Donc, ma situation : plus de boulot, célibataire, pas de contraintes familiales qui me retiennent ici, un appartement trop cher pour ce qu’il est et une voiture qui va bientôt me mourir dans les bras… En gros rien. J’ai RIEN ! Il faut que je réfléchisse à la suite… Je retourne à ma voiture, passe un coup de fil à une copine pour savoir si elle est chez elle. Elle me dit oui et je m’y arrête avant de rentrer chez moi. En temps normal, j’aurais choisi d’aller courir mais ce n’est pas un « temps normal » et je demande donc à ma copine de me filer de quoi fumer… J’ai toujours entendu mes amis me dire que ça les aide dans leurs réflexions (Mais bien sûr !). Disons que la fois où j’ai essayé, ça m’a plutôt brulé le cerveau au point que j’oubliais ce que je disais au milieu de mes phrases. Mais si je fais ça solo, ce sera peut-être différent (C’est ça… Qui j’essaie de convaincre ?). Je passe donc chez elle, on discute cinq minutes, elle me donne ce que j’ai « besoin » et je retourne à mon appart. J’allume le joint et le commence… Putain, c’est dégueulasse ce truc ! Je tire quelques lattes de plus… Laisse tomber ! Je l’écrase, dégoutée…
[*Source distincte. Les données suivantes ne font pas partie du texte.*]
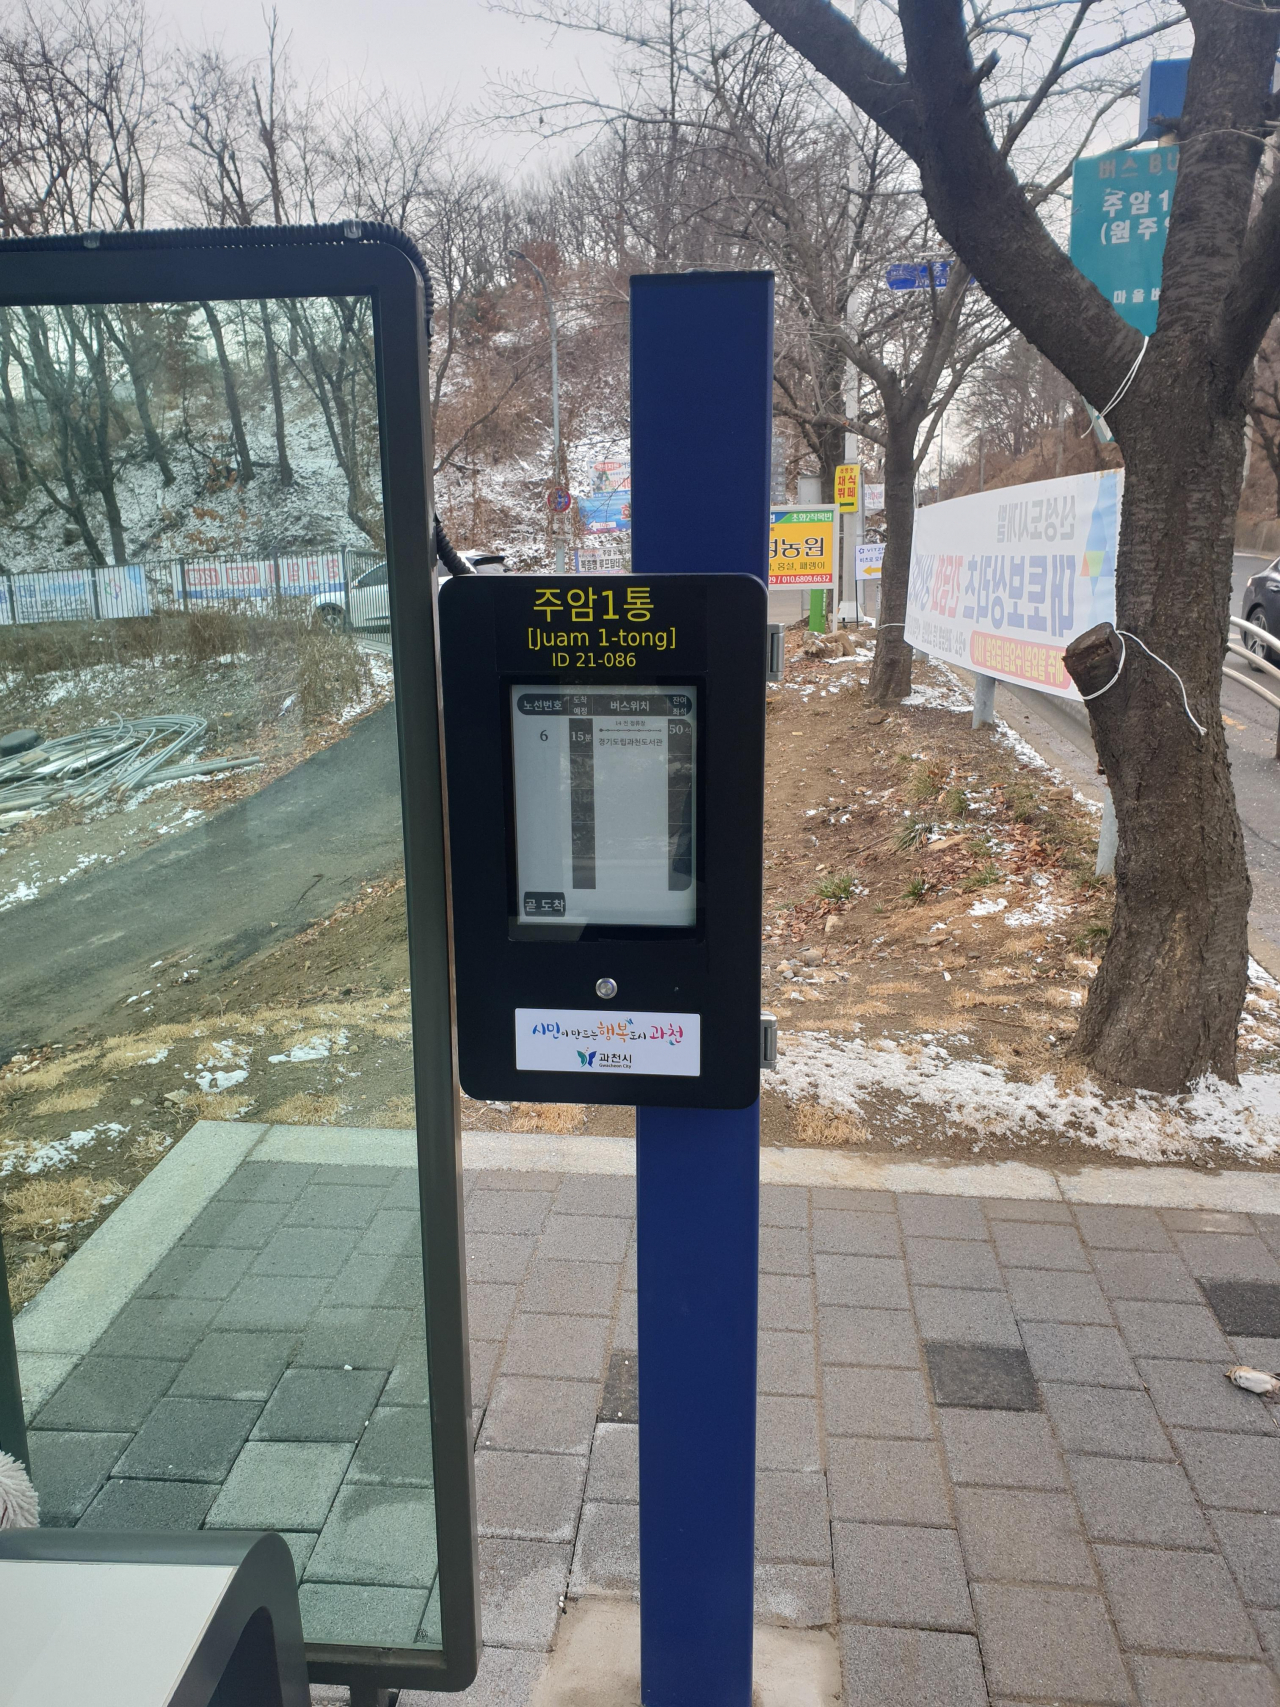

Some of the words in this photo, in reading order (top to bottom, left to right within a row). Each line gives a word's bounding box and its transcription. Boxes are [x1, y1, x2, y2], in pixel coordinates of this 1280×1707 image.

Je me mets à chantonner une chanson qui parle de voyages… Voyager ? Mais c’est ça ! Une ampoule s’allume dans mon cerveau, une case vient de s’éclairer… Je saute sur mon ordi pour checker mon compte en banque. J’ai de quoi faire pour un bon bout. Je regarde un atlas… Où aller ? Là où la vie est peu chère… Un endroit qui peut me sortir de ma zone de confort… Thaïlande ? Trop réputée, trop touristique… Malaisie ? Jamais entendue parler plus que ça… Inde ? Attirant… Bangladesh ? Pourquoi pas Vietnam ? Mmmh… Je fais quelques recherches et ma décision se pose sur l’Inde. Les commentaires des gens sont intéressants et beaucoup parlent de dépaysement total, de couleurs éclatantes, d’odeurs inconnues, ainsi que de ashrams, de méditation et de yoga… Ce serait peut-être une bonne chose pour mon cerveau hyperactif que d’apprendre à méditer. Je fais un arrêt sur le site des visas et fais ma demande… Quelques semaines d’attente… Parfait… Ça va me laisser le temps de faire ce qu’il faut pour rendre mon appartement, vendre ma voiture, laisser mes quelques affaires chez mes parents et dire au revoir à tout le monde…

 

Quatre semaines plus tard, je suis à l’aéroport avec mon passeport, mon visa et un gros sac à dos. Je suis prête pour l’aventure… Prête à tout laisser de côté pour vivre quelque chose de nouveau, d’enrichissant et probablement de… plus d’adjectifs auxquels je ne peux penser maintenant, mais que j’aurai trouvé d’ici la fin de mon voyage… Enfin, ceci est si je ne meurs pas avant dans un accident de tuk-tuk ou de bus… OMG ! Mais ils conduisent comme tes tarés… Mais qu’est-ce qui m’a prit ?… Respire… Ferme les yeux… Fais le vide… Je réalise que proche de la mort (ce n’est pas une exagération là de suite !), mon mental est un peu plus calme… Ça doit être pour ça que l’Inde est le pays de la méditation. Dès qu’ils sont sur leurs routes ils ne pensent pas tellement ils sont concentrés… ou terrifiés… Ça les plonge tous dans le moment présent… Oh putain, freine au lieu de gueuler ! Il va la tuer la vache ! Haaaaaaa… Mon cœur va me lâcher… Je ne suis définitivement plus dans ma zone de confort… Peut-être, et surtout j’espère, que je reviendrai vivante… Sur ce, Namasté… Que la paix soit avec vous… Ou au moins que la vie reste en vous…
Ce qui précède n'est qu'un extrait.